Over the course of the next year, I watched my husband work on Postcards on a near-nightly basis. After his day job as a technical writing supervisor at an aviation company, he’d come home to read scripts, edit dialogue and coordinate with artists, often working through dinner and on weekends. When it came time to write his own story, we brainstormed together on the couch.

“I can’t decide whether the mother should be going out of town or not,” he would say, rubbing his hand through his hair as he thought aloud. “But how can Cora go fishing if her mother doesn’t leave?”

James suggested various plot points and character traits while I listened and asked the occasional question. He talked himself through story lines, antagonist/protagonist conflicts and cliffhanger endings. While he figured out exactly what was needed to make his story click, I figured out something, too. Comics were what made James click. The art of storytelling in graphic format wasn’t just child’s play as I had once assumed. It was a child at heart’s play. My husband’s heart. And that’s what mattered most. Reclining on the armrests of our scratchy beige couch, legs entwined, James asked me whether or not his character should run out the back door in the second scene.
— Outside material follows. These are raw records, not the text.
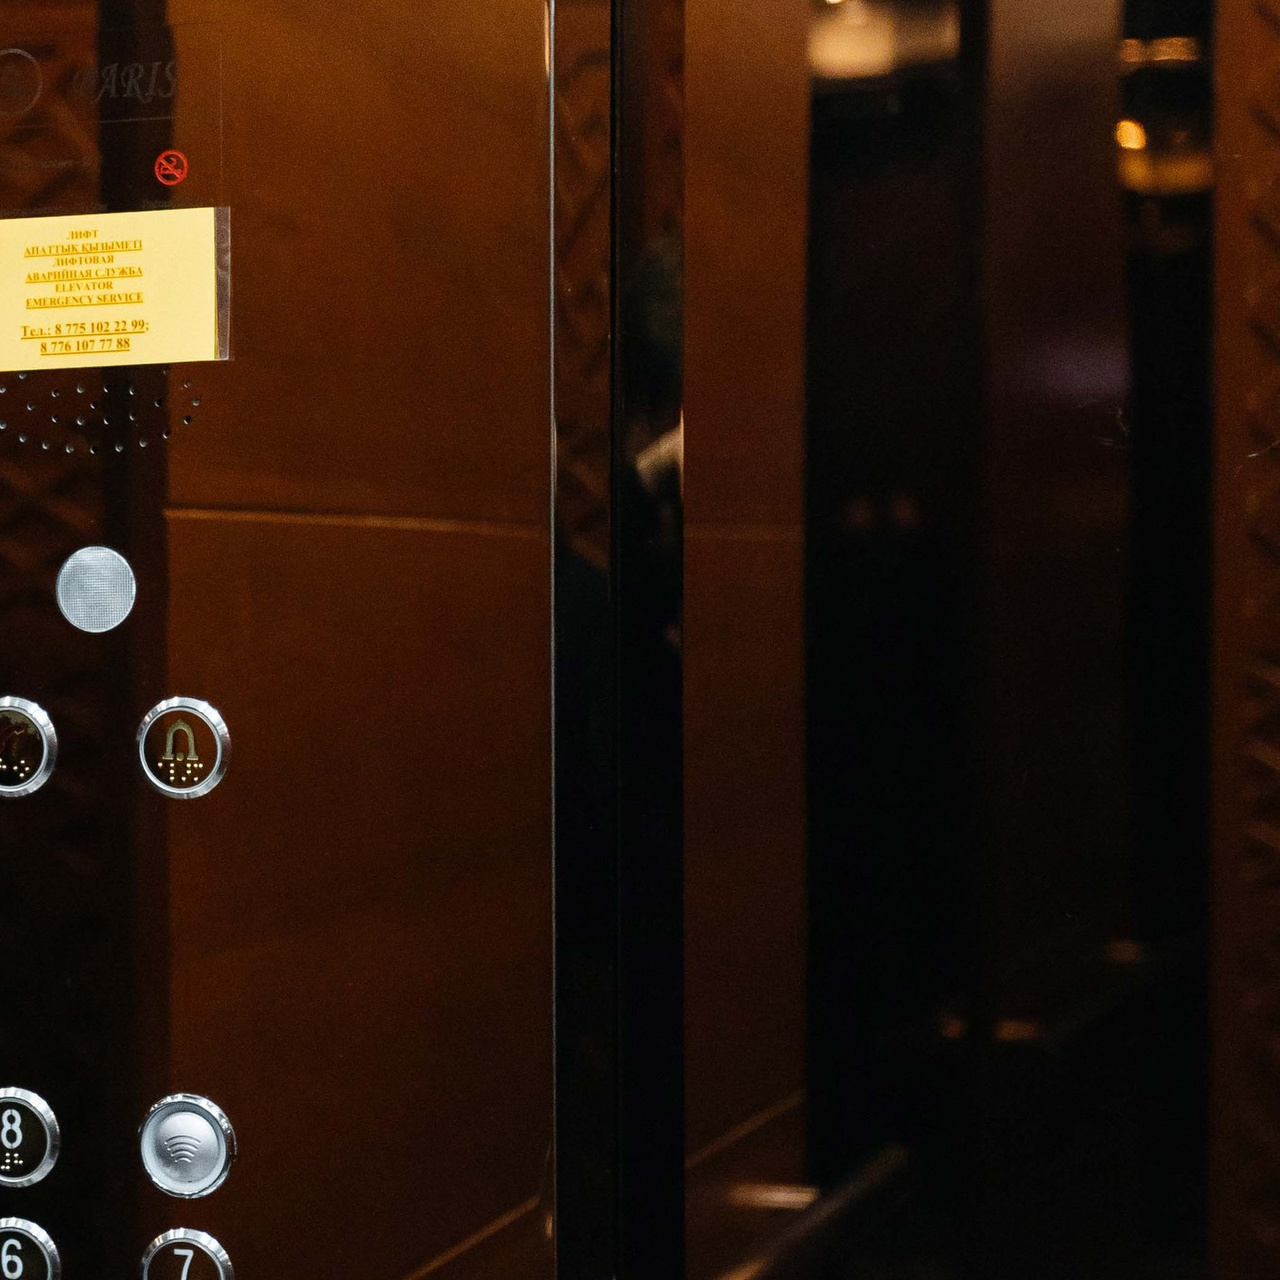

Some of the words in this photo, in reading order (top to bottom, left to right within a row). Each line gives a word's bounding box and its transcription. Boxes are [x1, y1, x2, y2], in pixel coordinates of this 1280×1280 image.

[66, 229, 100, 240] ЛИФТ
[52, 254, 114, 267] ЛИФТОВАЯ
[25, 268, 92, 281] АВАРИЙНАЯ
[95, 265, 143, 278] СЛУЖБА
[55, 281, 114, 293] ELEVATOR
[26, 295, 92, 308] EMERGENCY
[97, 292, 143, 304] SERVICE
[55, 323, 62, 335] 8
[65, 322, 86, 334] 775
[91, 321, 110, 333] 102
[114, 320, 128, 332] 22
[40, 341, 48, 353] 8
[51, 340, 72, 352] 776
[76, 339, 95, 351] 107
[100, 338, 113, 350] 77
[116, 337, 131, 349] 88
[1, 1109, 23, 1150] 8
[1, 1238, 23, 1280] 6
“I love you,” I blurted out.

“What?” James said, thrown off by my unexpected pronouncement.

“I love you.”

“Ok, I know. But what makes you say that right now?”

“I just do. I love the fact that you love comic books so much. That you’re so excited about this character. I love listening to you. It’s cool.”

James sat upright. “Hold up. Hold up. Are you, Stephanie Powell, saying comics are cool?”

“No. I didn’t say that. I said you were cool.”

“I think you said comics were cool.”

“No, you’re cool for liking comics,” I insisted.

James stared at me with raised eyebrows.

“Or something like that," I said. Then we both started laughing.

Earlier this summer, a year and a half after signing on to the book and three years after my discovery of his secret white boxes, James’ long-awaited Postcards hit the stores. On release day, we drove to Barnes & Noble and took a picture of it on the shelf. Then we proceeded to buy all four copies they had in stock – one to show friends and family, one to pass around at conventions, one to put on our office bookshelf and one to board, bag and box for safekeeping.


[This essay was a finalist in the Writer's Studio literary nonfiction contest.]